By the king’s will and having heard the messages, Tankradus restrained Willhelm from anger and from every assault, until they should speak face to face with the king, and then depart to him at Tripoli. Who immediately, with seventy men gathered, [0681C] outstanding knights, diverted to Tripoli; whom shortly afterward Baldewinus de Rohas and Gozelinus de Turbaysel, according to the king’s command, followed with a great cavalry. With all these placed there, and with all injuries on both sides recited before the king and his faithful, Baldewinus de Burg and Tankradus were reconciled, the things which Baldewinus had unjustly held being kindly remitted to him by Tankradus.

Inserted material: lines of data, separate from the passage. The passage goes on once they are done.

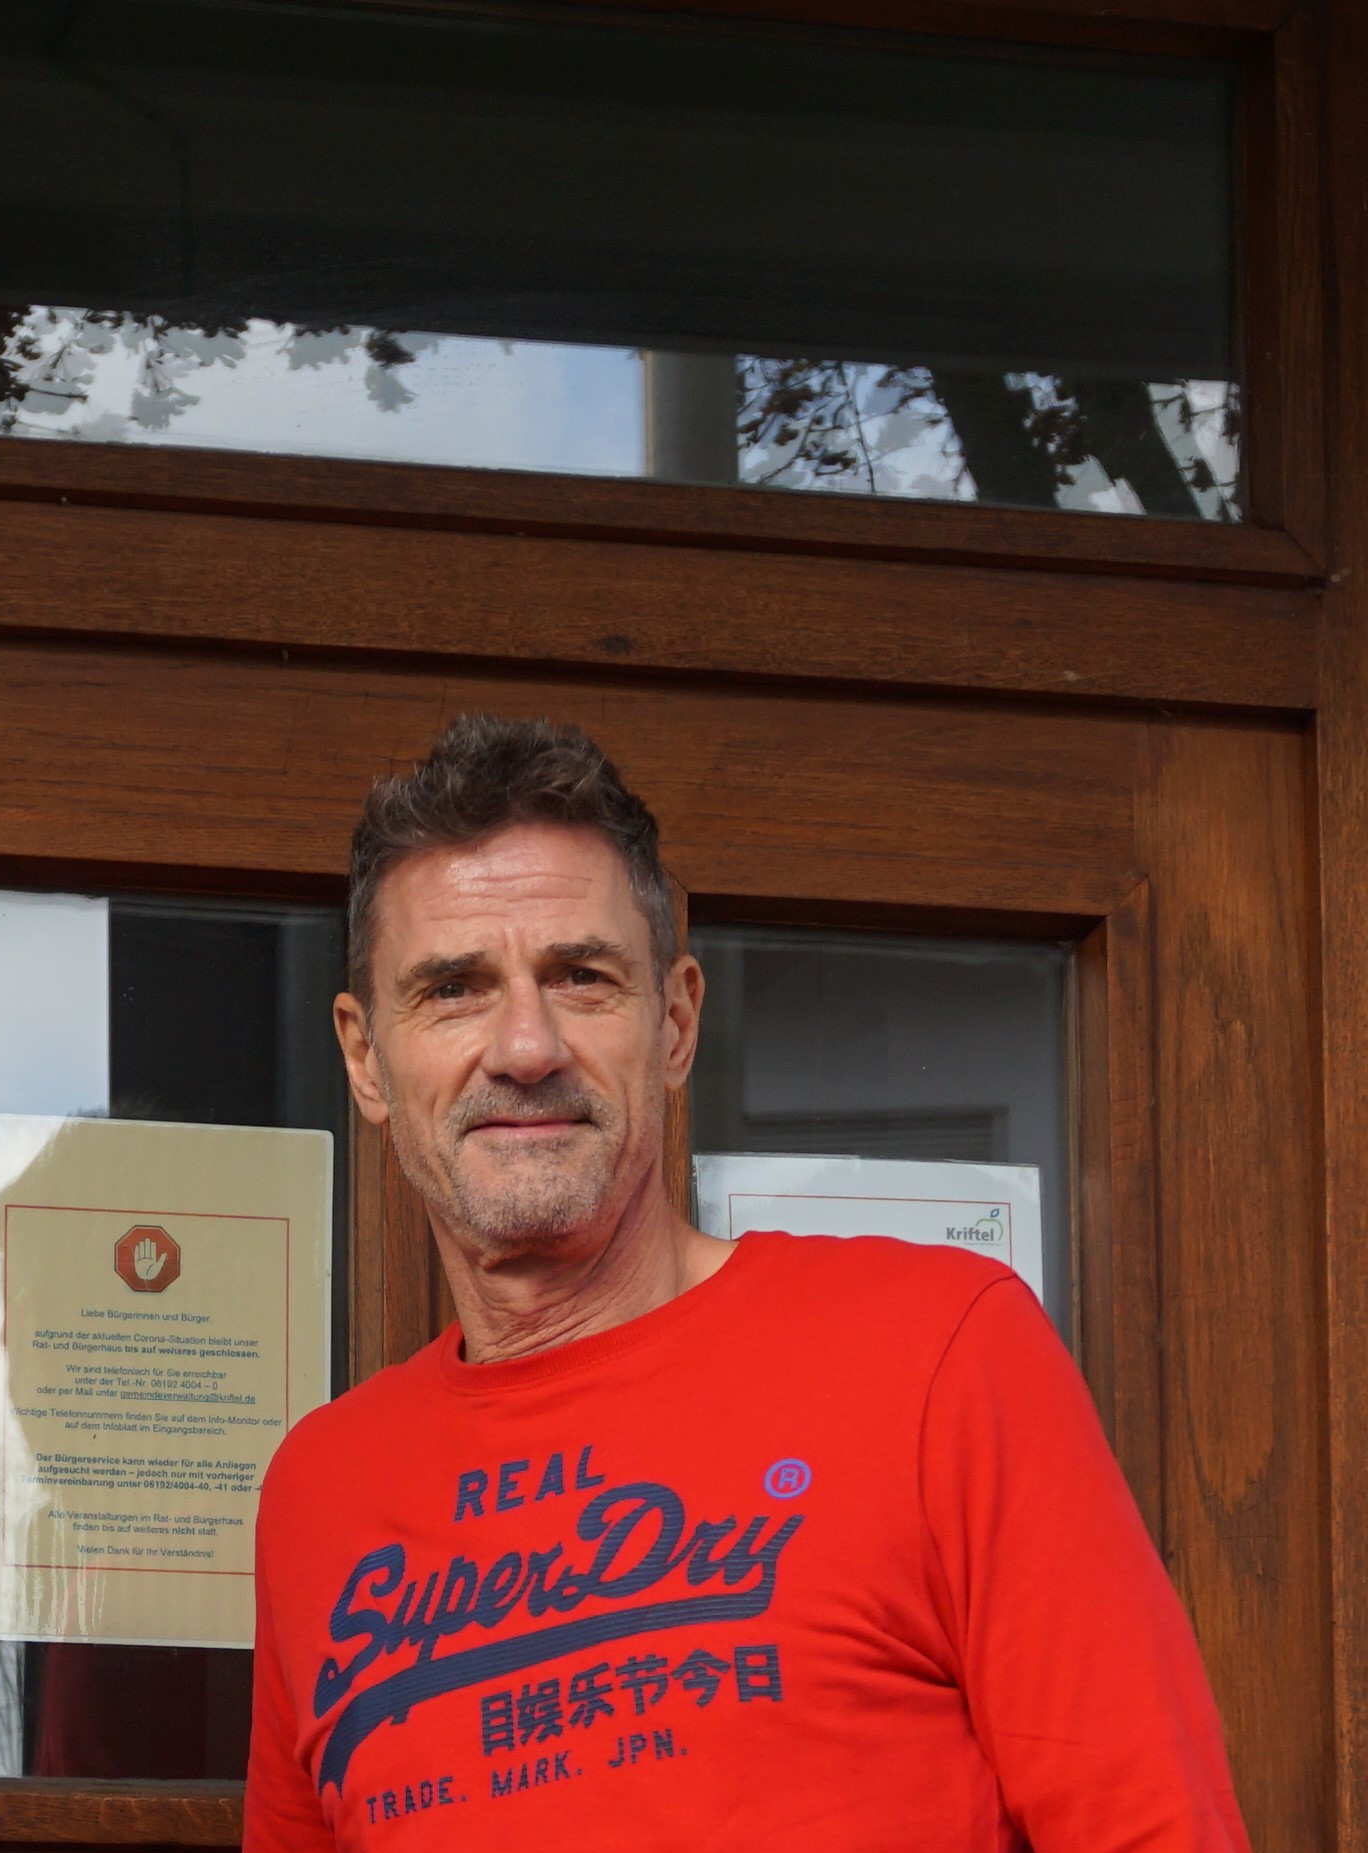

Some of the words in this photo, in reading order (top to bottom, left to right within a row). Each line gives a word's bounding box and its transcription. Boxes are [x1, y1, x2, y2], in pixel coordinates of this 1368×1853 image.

[946, 1227, 994, 1241] Kriftel
[81, 1309, 104, 1317] Liebe
[108, 1310, 159, 1320] Bürgerinnen
[163, 1313, 178, 1321] und
[35, 1330, 73, 1339] aufgrund
[92, 1333, 131, 1341] aktuellen
[134, 1334, 206, 1344] Corona-Situation
[209, 1337, 232, 1345] bleibt
[33, 1340, 51, 1348] Rat-
[54, 1342, 69, 1350] und
[72, 1342, 122, 1352] Bürgerhaus
[125, 1344, 138, 1352] bis
[159, 1347, 196, 1355] weiteres
[200, 1349, 260, 1358] geschlossen.
[84, 1365, 101, 1373] sind
[104, 1365, 150, 1376] telefonisch
[153, 1368, 163, 1376] für
[167, 1369, 180, 1377] Sie
[183, 1371, 226, 1379] erreichbar
[75, 1377, 97, 1385] unter
[37, 1386, 56, 1394] oder
[59, 1388, 72, 1396] per
[50, 1408, 123, 1419] Telefonnummern
[126, 1412, 152, 1421] finden
[171, 1414, 184, 1422] auf
[209, 1416, 260, 1425] Info-Monitor
[263, 1418, 282, 1426] oder
[81, 1422, 100, 1430] dem
[103, 1423, 137, 1431] Infoblatt
[153, 1424, 226, 1435] Eingangsbereich.
[36, 1453, 52, 1461] Der
[55, 1454, 120, 1464] Bürgerservice
[123, 1457, 144, 1465] kann
[148, 1459, 179, 1467] wieder
[182, 1459, 194, 1467] für
[197, 1460, 212, 1468] alle
[215, 1461, 256, 1470] Anliegen
[38, 1465, 89, 1475] aufgesucht
[93, 1467, 126, 1476] werden
[136, 1470, 168, 1478] jedoch
[189, 1471, 203, 1479] mit
[207, 1472, 254, 1482] vorheriger
[118, 1480, 142, 1488] unter
[231, 1483, 252, 1492] oder
[453, 1445, 606, 1521] REAL
[67, 1511, 138, 1522] Veranstaltungen
[154, 1514, 172, 1522] Rat-
[73, 1523, 99, 1531] finden
[103, 1524, 115, 1532] bis
[133, 1525, 169, 1534] weiteres
[172, 1527, 195, 1535] nicht
[77, 1545, 104, 1553] Vielen
[108, 1546, 129, 1554] Dank
[132, 1547, 144, 1555] für
[366, 1777, 467, 1823] TRADE.
[491, 1752, 582, 1796] MARK.
[609, 1730, 688, 1768] JPN.

Bertrannus and Willhelmus were also made concordant, on this condition nonetheless, that Willhelmus should retain Archas and the other things which he had acquired; but that no one should hinder Bertrannus in the acquisitions of his father. King Tankrad, however, restored to him the city of Caiphas and the Lord’s temple, Tabariam likewise and Nazareth with all their revenues, fidelity having been accepted from him, so that henceforth he might remain steadfast in his obedience and affection [0681D].
Tantorum principum comperta concordia, Sarraceni, non ultra vim ferre valentes, pacemque quaerentes, urbem praeterquam regi nemini dare conspirant, eo quod vita et salute membrorum impetrata, ejus fidei se praecipue credebant, ne a Pisanis et Genuensibus foedere violato, armis impeterentur, sicut Ptolemaidenses, et non pacifice ab urbe exirent. Rex itaque urbe suscepta, dextram illis dedit, ut ab urbe incolumes exirent, non amplius, nisi quod humero valerent, efferentes. Et ecce, aperta civitas et ejus portae; quas Pisani et Genuenses et omnis [0682A] exercitus intrantes, moenia et turres munientes usquequaque diffusi sunt.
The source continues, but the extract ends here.